DATA FOR REVIEW Start Marker
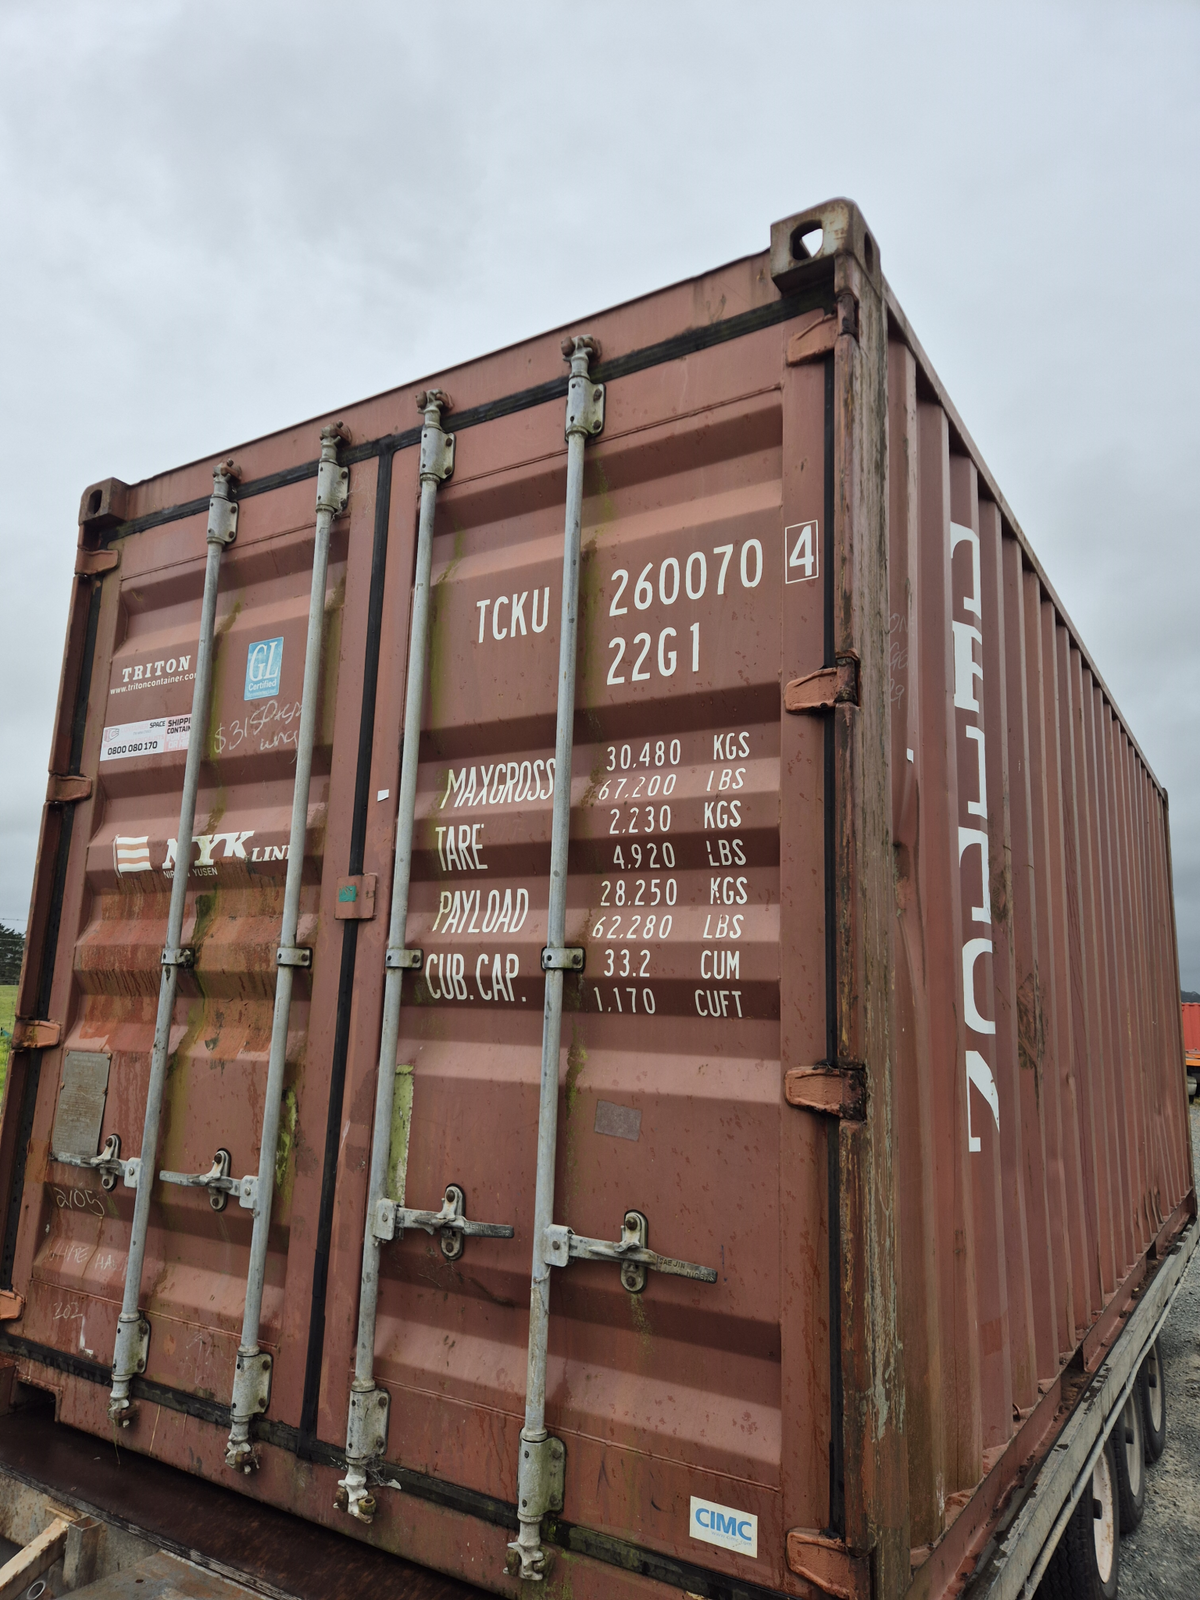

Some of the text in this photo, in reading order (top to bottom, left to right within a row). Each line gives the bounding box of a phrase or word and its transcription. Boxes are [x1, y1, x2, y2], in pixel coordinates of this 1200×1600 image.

[476, 524, 815, 644] TCKU 260070 4
[249, 641, 279, 682] GL
[606, 622, 700, 686] 22G1
[122, 655, 191, 683] TRITON
[248, 679, 277, 691] Certified
[149, 720, 166, 728] SPACE
[166, 726, 191, 735] CONTAI
[167, 717, 191, 728] SHIPPI
[107, 746, 127, 756] 0800
[128, 743, 143, 753] 080
[144, 741, 158, 751] 170
[440, 757, 556, 809] MAXGROSS
[713, 731, 750, 760] KGS
[162, 830, 255, 870] NYK
[435, 823, 489, 872] TARE
[704, 800, 742, 829] KGS
[706, 838, 747, 867] LBS
[192, 866, 218, 877] YUSEN
[432, 887, 529, 934] PAYLOAD
[710, 876, 748, 905] KGS
[703, 914, 745, 939] LBS
[604, 949, 651, 978] 33.2
[700, 950, 740, 980] CUM
[695, 989, 743, 1018] CUFT
[695, 1507, 752, 1541] CIMC
DATA FOR REVIEW End Marker
» WORK ITEM: Output every entry verbatim but skip the pictures.

» SOLUTION TO THIS PROBLEM:
Some of the text in this photo, in reading order (top to bottom, left to right within a row). Each line gives the bounding box of a phrase or word and its transcription. Boxes are [x1, y1, x2, y2], in pixel coordinates of this 1200×1600 image.

[476, 524, 815, 644] TCKU 260070 4
[249, 641, 279, 682] GL
[606, 622, 700, 686] 22G1
[122, 655, 191, 683] TRITON
[248, 679, 277, 691] Certified
[149, 720, 166, 728] SPACE
[166, 726, 191, 735] CONTAI
[167, 717, 191, 728] SHIPPI
[107, 746, 127, 756] 0800
[128, 743, 143, 753] 080
[144, 741, 158, 751] 170
[440, 757, 556, 809] MAXGROSS
[713, 731, 750, 760] KGS
[162, 830, 255, 870] NYK
[435, 823, 489, 872] TARE
[704, 800, 742, 829] KGS
[706, 838, 747, 867] LBS
[192, 866, 218, 877] YUSEN
[432, 887, 529, 934] PAYLOAD
[710, 876, 748, 905] KGS
[703, 914, 745, 939] LBS
[604, 949, 651, 978] 33.2
[700, 950, 740, 980] CUM
[695, 989, 743, 1018] CUFT
[695, 1507, 752, 1541] CIMC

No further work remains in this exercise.